Free-text object descriptions

*** Block opens ***

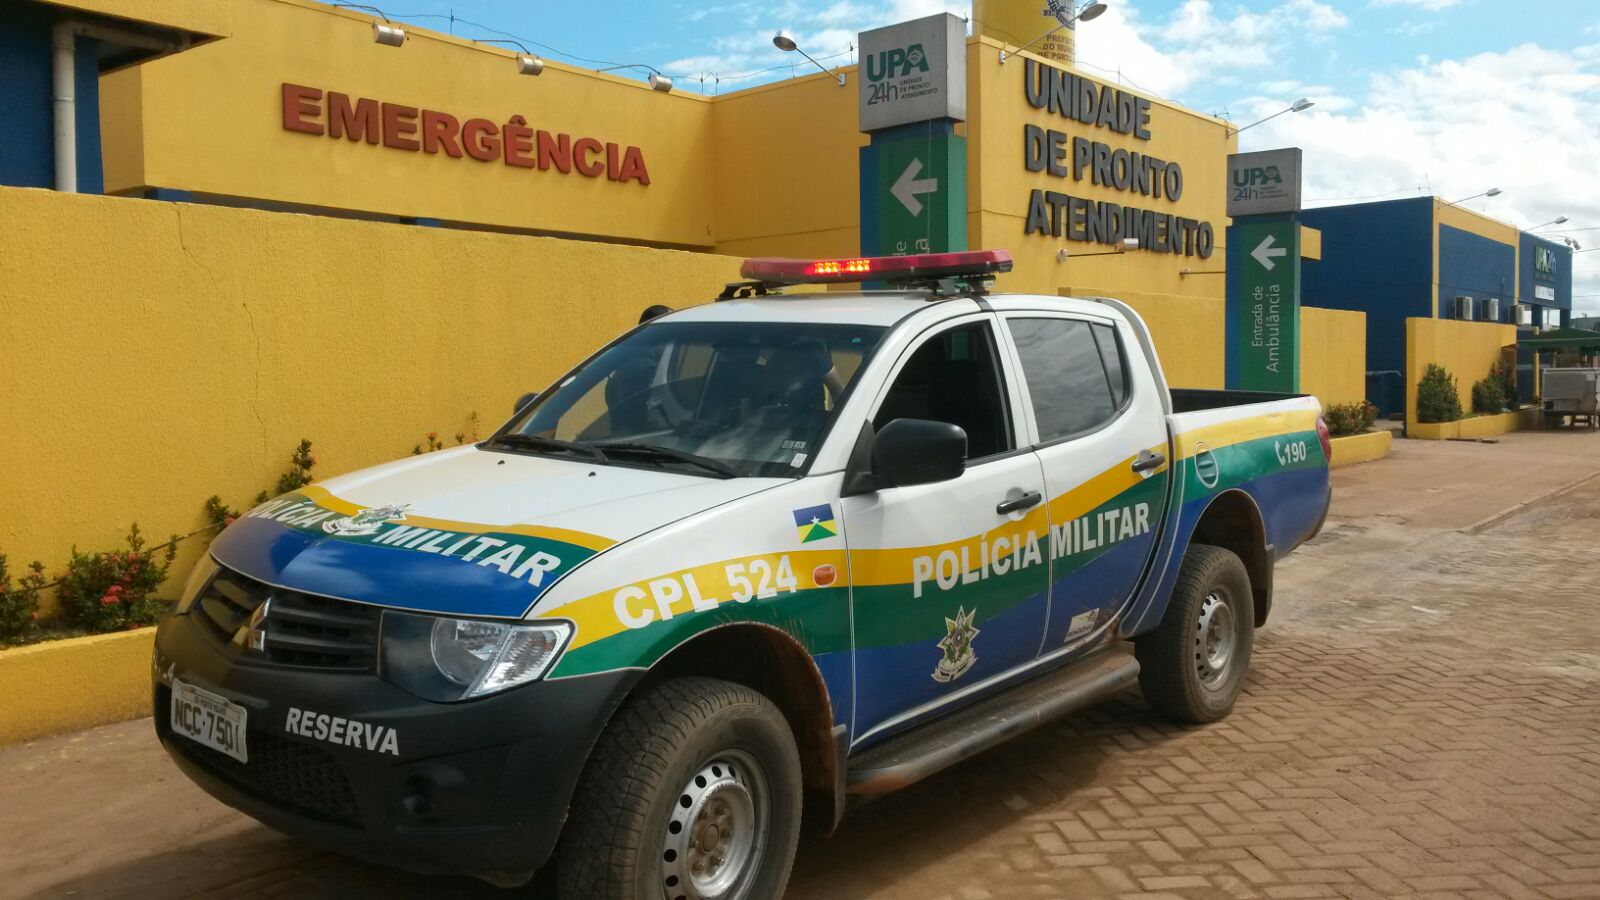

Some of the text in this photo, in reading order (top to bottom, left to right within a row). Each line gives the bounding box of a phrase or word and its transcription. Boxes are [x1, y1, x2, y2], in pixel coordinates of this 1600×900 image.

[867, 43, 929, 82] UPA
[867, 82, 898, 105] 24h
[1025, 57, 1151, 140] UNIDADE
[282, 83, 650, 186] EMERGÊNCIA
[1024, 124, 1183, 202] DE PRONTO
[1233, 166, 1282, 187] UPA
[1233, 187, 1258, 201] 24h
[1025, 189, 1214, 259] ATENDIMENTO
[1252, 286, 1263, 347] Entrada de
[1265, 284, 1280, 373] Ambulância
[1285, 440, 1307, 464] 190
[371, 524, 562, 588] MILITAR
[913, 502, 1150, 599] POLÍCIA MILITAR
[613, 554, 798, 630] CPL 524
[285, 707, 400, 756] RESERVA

*** Block closes ***

Leaving the pictures out, reproduce the entries above exactly.

**SOLVED EXERCISE:**
Some of the text in this photo, in reading order (top to bottom, left to right within a row). Each line gives the bounding box of a phrase or word and its transcription. Boxes are [x1, y1, x2, y2], in pixel coordinates of this 1600×900 image.

[867, 43, 929, 82] UPA
[867, 82, 898, 105] 24h
[1025, 57, 1151, 140] UNIDADE
[282, 83, 650, 186] EMERGÊNCIA
[1024, 124, 1183, 202] DE PRONTO
[1233, 166, 1282, 187] UPA
[1233, 187, 1258, 201] 24h
[1025, 189, 1214, 259] ATENDIMENTO
[1252, 286, 1263, 347] Entrada de
[1265, 284, 1280, 373] Ambulância
[1285, 440, 1307, 464] 190
[371, 524, 562, 588] MILITAR
[913, 502, 1150, 599] POLÍCIA MILITAR
[613, 554, 798, 630] CPL 524
[285, 707, 400, 756] RESERVA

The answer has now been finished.